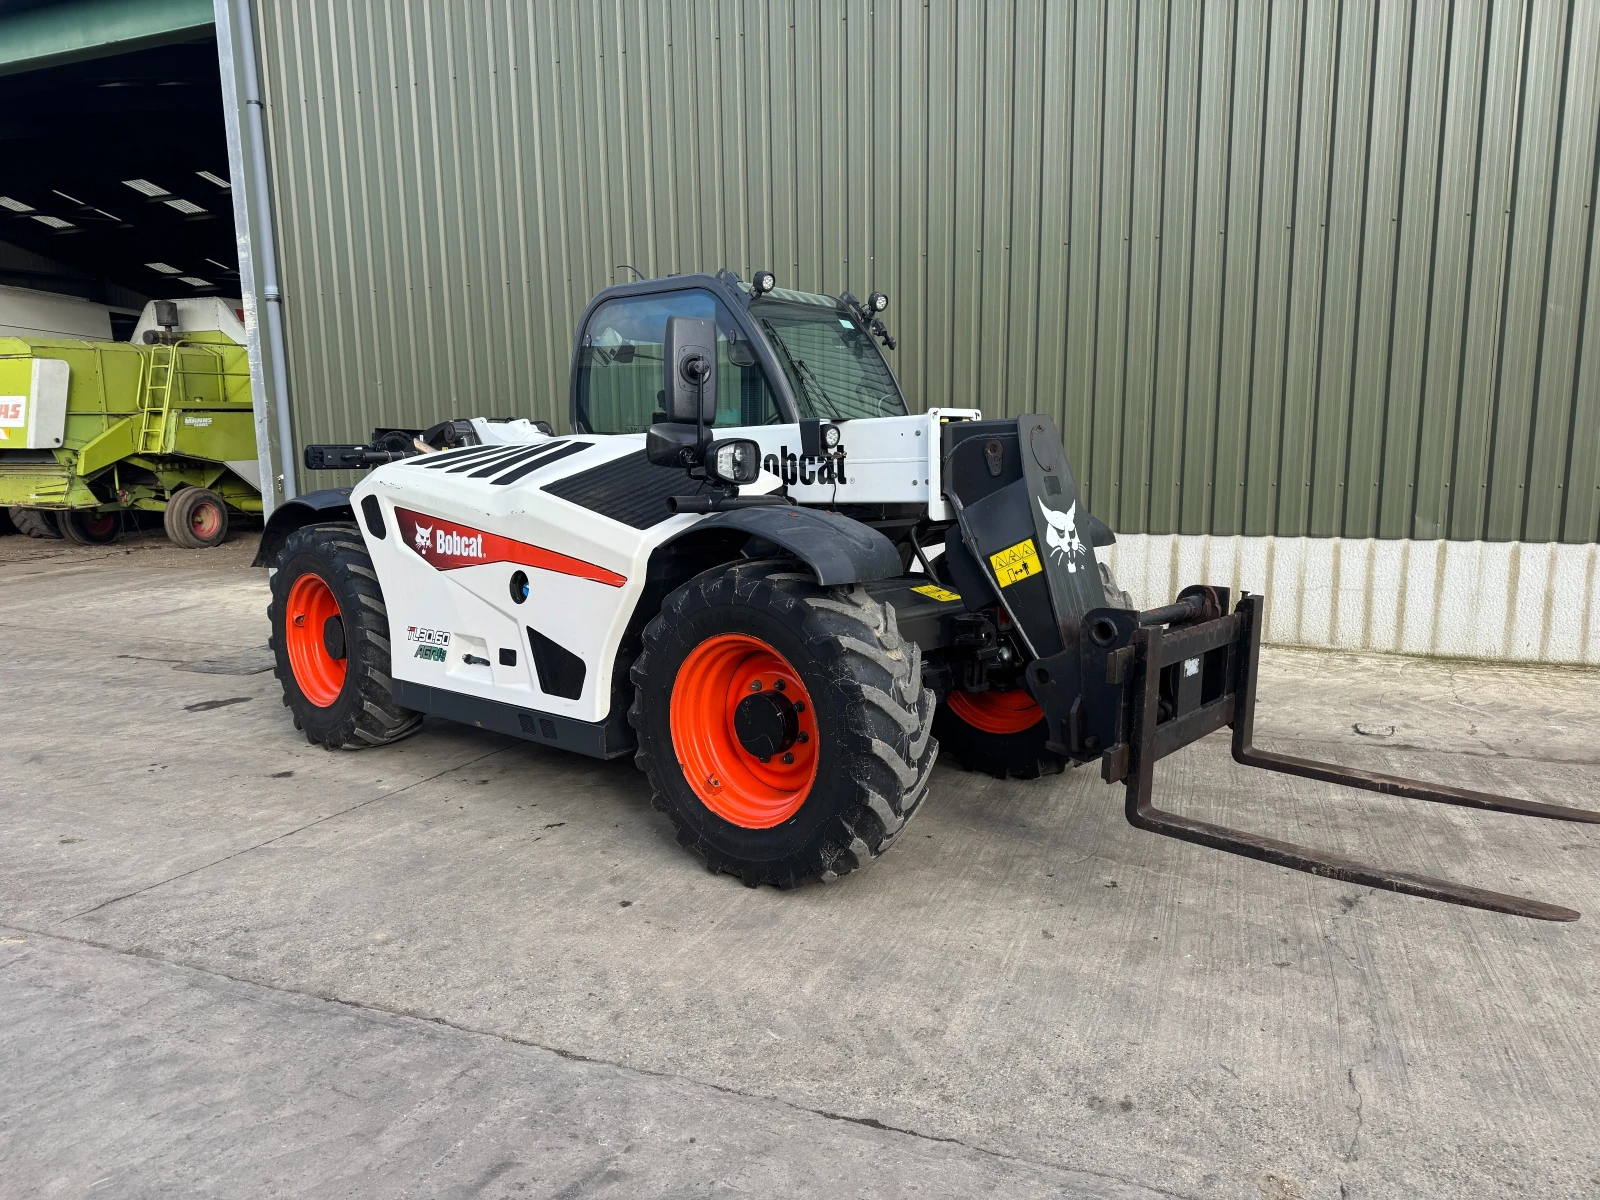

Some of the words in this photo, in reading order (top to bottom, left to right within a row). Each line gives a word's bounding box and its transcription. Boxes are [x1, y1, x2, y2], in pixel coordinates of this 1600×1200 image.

[763, 445, 847, 486] obcat
[436, 529, 483, 558] Bobcat
[407, 626, 451, 646] TL30.60
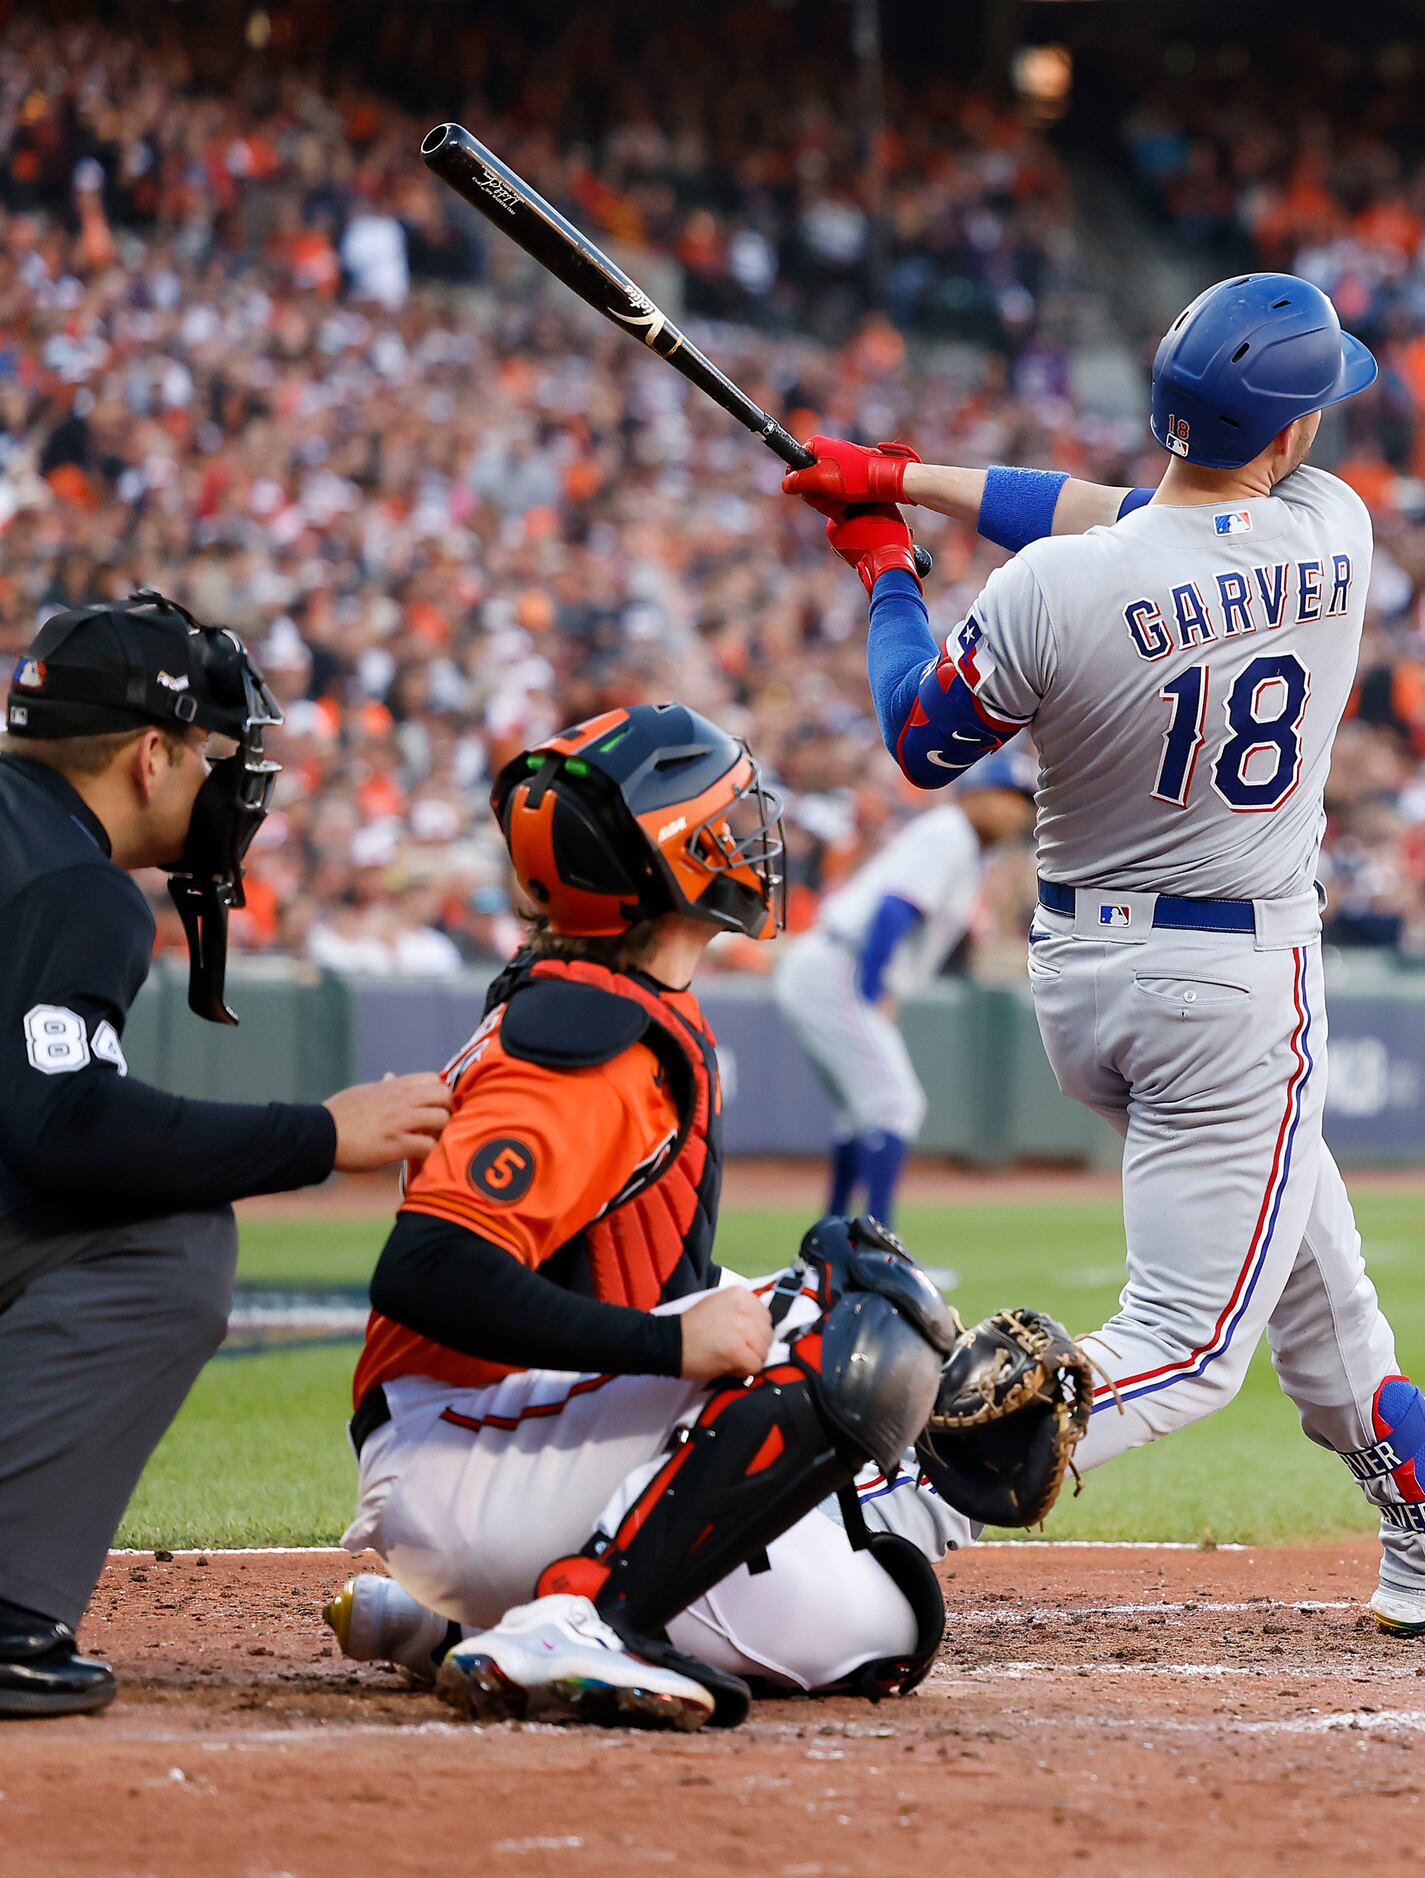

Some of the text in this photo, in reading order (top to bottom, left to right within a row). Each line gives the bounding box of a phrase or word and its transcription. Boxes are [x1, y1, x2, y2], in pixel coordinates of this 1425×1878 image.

[1169, 414, 1190, 440] 18
[1122, 552, 1353, 662] GARVER
[1150, 649, 1312, 813] 18
[484, 1147, 527, 1190] 5

### Problem requirements
Reproduce the complete set of records verbatim and omit the pictures.

### Final answer
Some of the words in this photo, in reading order (top to bottom, left to right within a row). Each line gives a word's bounding box and its transcription. Boxes are [x1, y1, x2, y2], in pixel coordinates of this 1600×1200 image.

[763, 445, 847, 486] obcat
[436, 529, 483, 558] Bobcat
[407, 626, 451, 646] TL30.60

Some of the text in this photo, in reading order (top to bottom, left to right within a row). Each line gives the bounding box of a phrase or word and its transcription. Boxes are [x1, y1, x2, y2], in pixel coordinates of this 1425×1878 image.

[1169, 414, 1190, 440] 18
[1122, 552, 1353, 662] GARVER
[1150, 649, 1312, 813] 18
[484, 1147, 527, 1190] 5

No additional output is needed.